Road to Stockholm – Review Phase 1

Die erste Phase in der Vorbereitung auf den Stockholm Halbmarathon ist nun vorbei und ich befinde mich in der ersten Regenerationswoche. Phase 1 hielt für mich kurze Intervalle (400 m) als Qualitätseinheiten bereit, die ich mit Pyramideneinheiten als zweite Q-Einheit mischte. Der Plan war, die 400er Intervalle zwischen 303 und 344 W zu laufen. Das macht eine Zeit von ca. 1:20-1:27 min auf 400 m. Ansonsten habe ich auch die Long Runs im Laufe der Phase immer um 2 km gesteigert sodass ich am Ende bei 22 km angekommen bin.

Während dieser Phase habe ich mir eine Menge Gedanken dazu gemacht, wie ich ermitteln kann ob mir die Intervalle was bringen. Zuerst hab ich die durchschnittliche Power und Pace für die einzelnen Trainings und Intervalle aufgelistet und verglichen (vgl. Figure 1). So richtig wurde ich daraus aber nicht schlau. Die Performance bei einem Training hängt wohl doch zu sehr von der Tagesform ab. Dann habe ich mir die Laufeffizienz (RE [kJ/kg*km]) als Maß für die Ermüdung angesehen. Dabei ging ich davon aus, dass eine zunehmende Erschöpfung mit einer schlechteren Laufökonomie einher geht. Und siehe da, es zeigten sich leichte Verbesserungen. Außerdem hatte ich in den ersten 3 Durchgängen immer Intervalle dabei, die langsamer als 1:30 min waren. Im letzten Training konnte ich die Pace allerdings sehr gut bei ca. 1:26-1:28 halten also würde ich insgesamt sagen, dass ich mich weiter entwickelt habe.

Analyse 400m Intervalle
Figure 1: Analyse 400m Intervalle

Dann habe ich mich daran erinnert, was das Ziel der Intervalle war: „… und schulen vor allem die Körperhaltung und eine saubere Lauftechnik.“ Wenn das wirklich stimmt, dann sollte sich ja die Laufeffizienz in allen Läufen verbessern. Also habe ich mir die Laufeffizienz meiner Grundlagenausdauerläufe seit meinem letzten Wettkampf im März angesehen und verglichen:

  • April: 1,060
  • Mai: 1,070
  • Juni – Base: 1,070
  • Juni – Phase 1: 1,059

Es sieht also ganz danach aus, als wäre mein Laufstil effizienter geworden.

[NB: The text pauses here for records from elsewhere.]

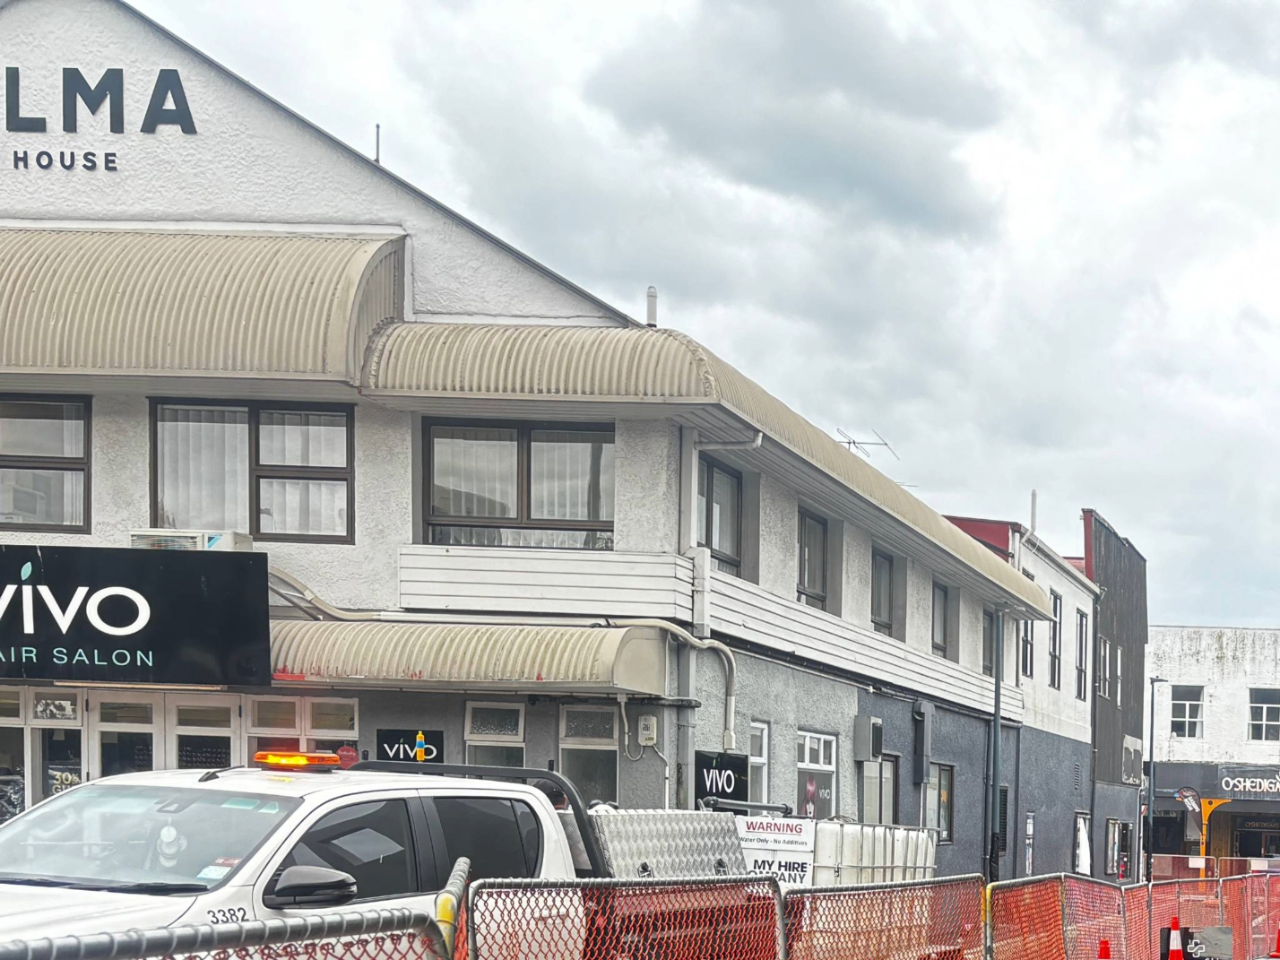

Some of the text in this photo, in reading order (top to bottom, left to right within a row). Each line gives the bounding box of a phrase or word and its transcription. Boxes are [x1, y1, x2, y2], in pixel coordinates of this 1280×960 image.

[13, 150, 118, 171] HOUSE
[0, 647, 153, 667] IR SALON
[383, 743, 438, 759] VIVO
[703, 768, 735, 793] VIVO
[746, 821, 802, 833] WARNING
[756, 837, 770, 845] Only
[753, 859, 808, 873] MY HIRE
[206, 907, 250, 925] 3382
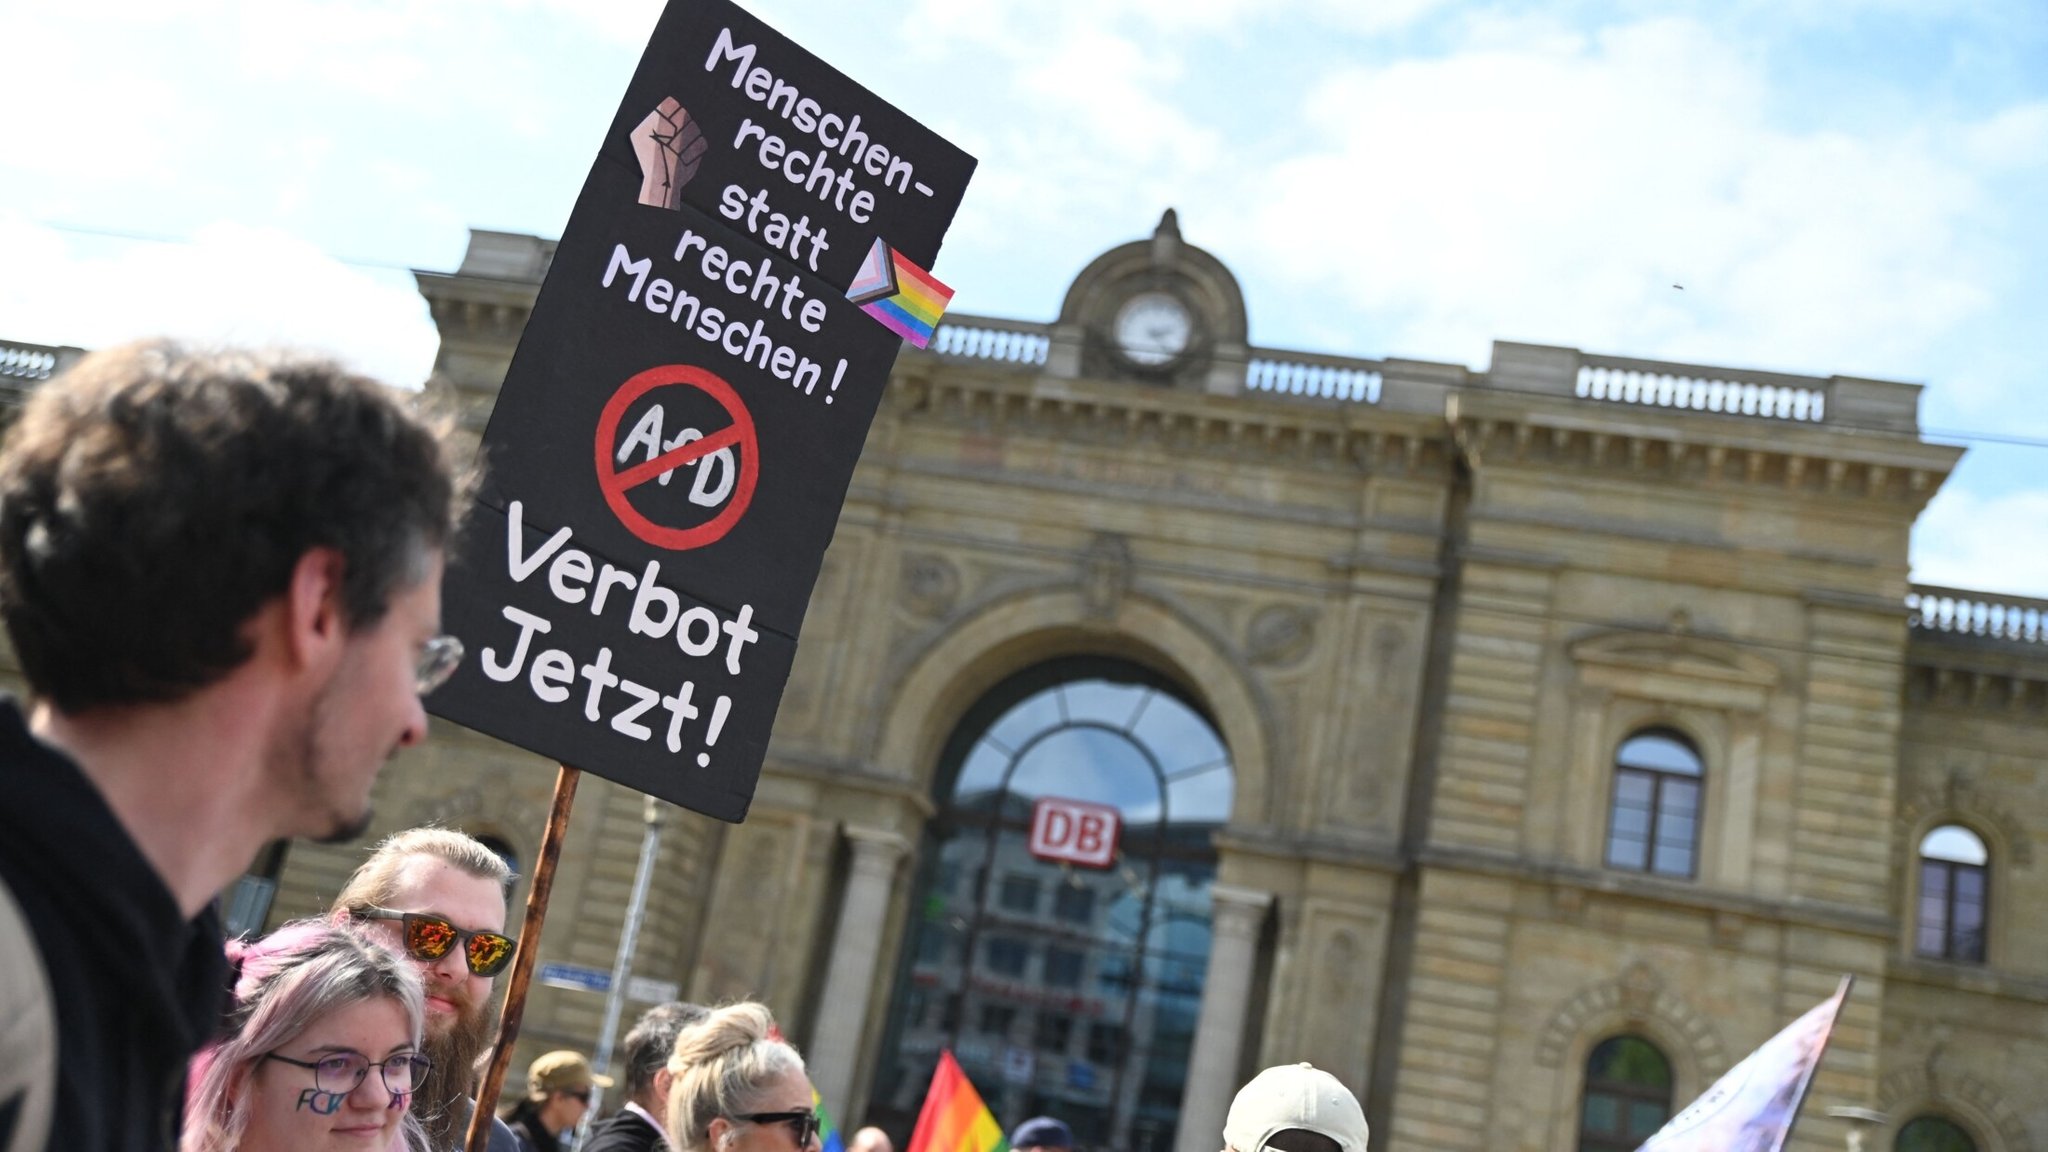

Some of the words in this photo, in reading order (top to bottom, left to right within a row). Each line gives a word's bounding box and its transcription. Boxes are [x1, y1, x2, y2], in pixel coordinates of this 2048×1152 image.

[704, 27, 934, 197] Menschen-
[733, 118, 875, 224] rechte
[673, 229, 827, 333] rechte
[718, 184, 830, 273] statt
[616, 404, 735, 507] AfD
[508, 501, 758, 675] Verbot
[481, 606, 731, 767] Jetzt!
[1043, 809, 1105, 853] DB
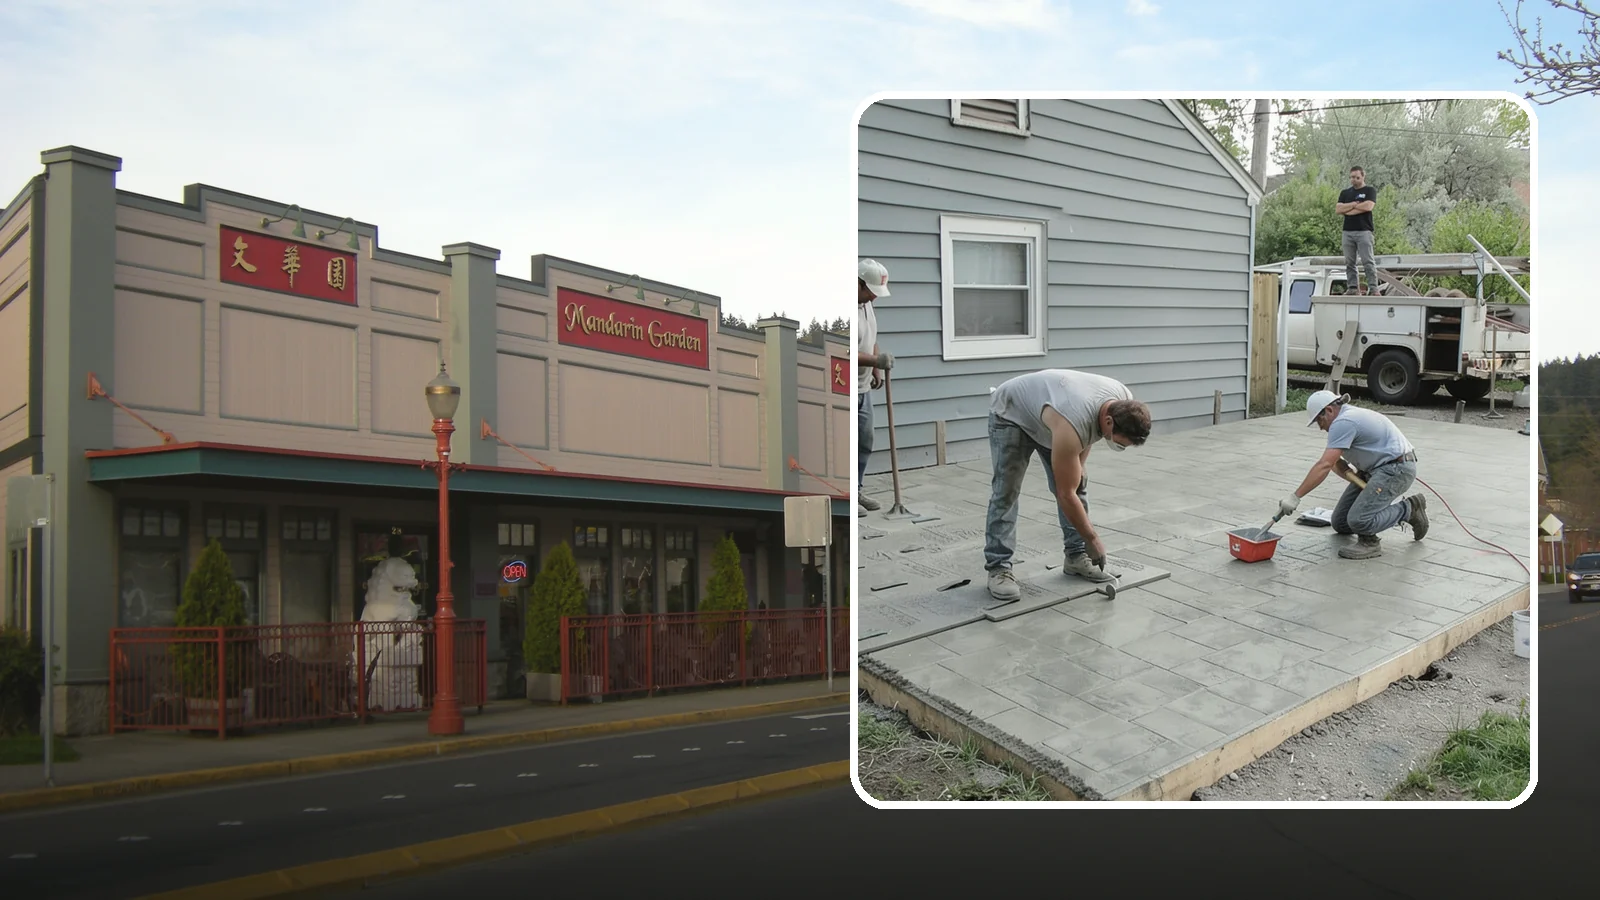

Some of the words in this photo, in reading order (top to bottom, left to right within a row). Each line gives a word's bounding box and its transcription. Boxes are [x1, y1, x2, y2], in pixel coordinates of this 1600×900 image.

Man kann mir bei alledem natürlich vorwerfen, dass ich es übertreibe. Allerdings will ich gerne effektiv bzw. optimal trainieren und da versuche ich mich lieber auf Messungen und Daten als auf Gefühle zu verlassen. Außerdem macht es mir auch Spaß das ganze im Detail zu analysieren. Solltet ihr noch andere Ideen haben, gerne her damit :).